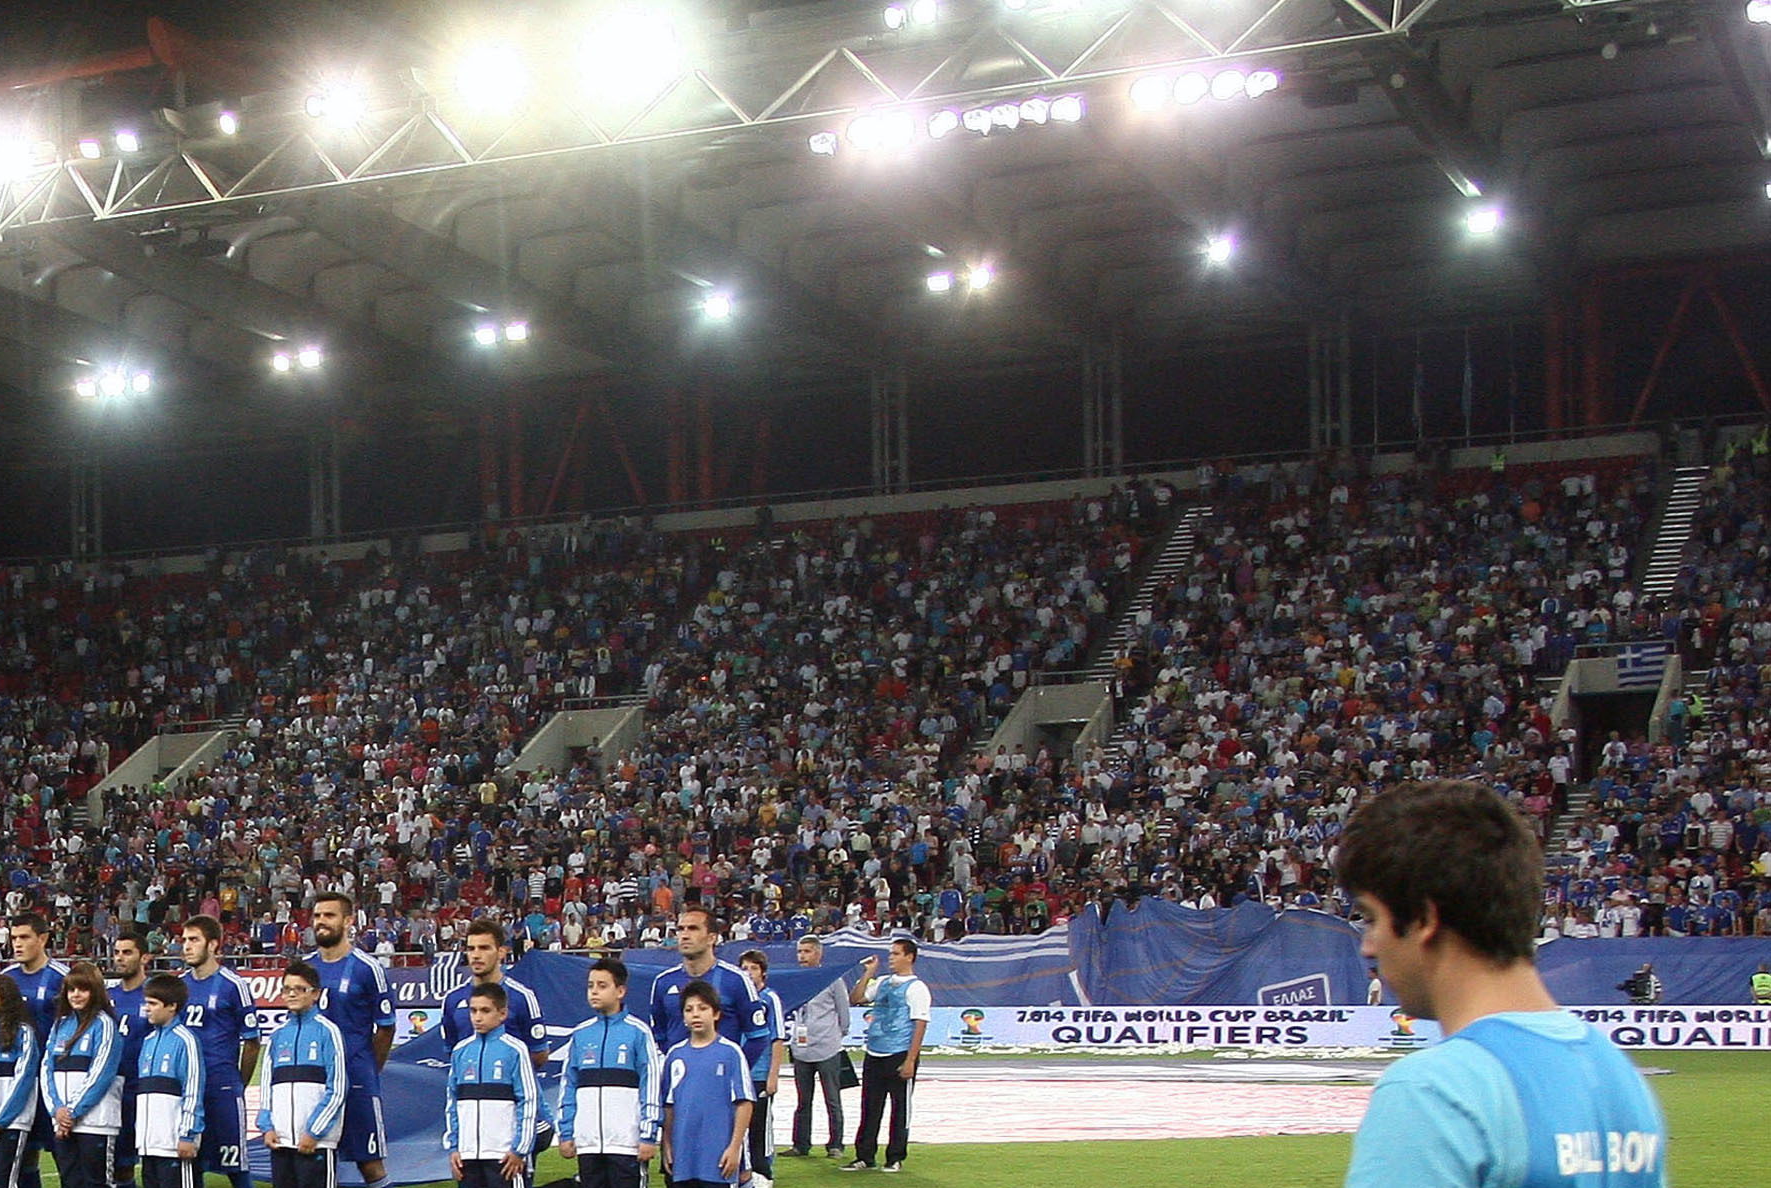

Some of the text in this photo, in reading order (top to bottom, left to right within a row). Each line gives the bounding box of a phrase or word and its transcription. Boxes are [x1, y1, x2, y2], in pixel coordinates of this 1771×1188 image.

[318, 987, 329, 1012] 6
[185, 1004, 204, 1027] 22
[1072, 1010, 1118, 1022] FIFA
[1209, 1010, 1257, 1022] CUP
[1634, 1009, 1687, 1023] FIFA
[1694, 1009, 1771, 1023] WORL
[1051, 1025, 1309, 1045] QUALIFIERS
[1610, 1026, 1771, 1047] QUALI
[367, 1131, 377, 1154] 6
[1606, 1131, 1659, 1173] BOY
[219, 1144, 240, 1167] 22
***
Your task
Your answer should be every entry repeated exactly, minus the pictures.

Output below
Some of the text in this photo, in reading order (top to bottom, left to right within a row). Each line gives the bounding box of a phrase or word and its transcription. Boxes are [x1, y1, x2, y2], in pixel coordinates of this 1771×1188 image.

[318, 987, 329, 1012] 6
[185, 1004, 204, 1027] 22
[1072, 1010, 1118, 1022] FIFA
[1209, 1010, 1257, 1022] CUP
[1634, 1009, 1687, 1023] FIFA
[1694, 1009, 1771, 1023] WORL
[1051, 1025, 1309, 1045] QUALIFIERS
[1610, 1026, 1771, 1047] QUALI
[367, 1131, 377, 1154] 6
[1606, 1131, 1659, 1173] BOY
[219, 1144, 240, 1167] 22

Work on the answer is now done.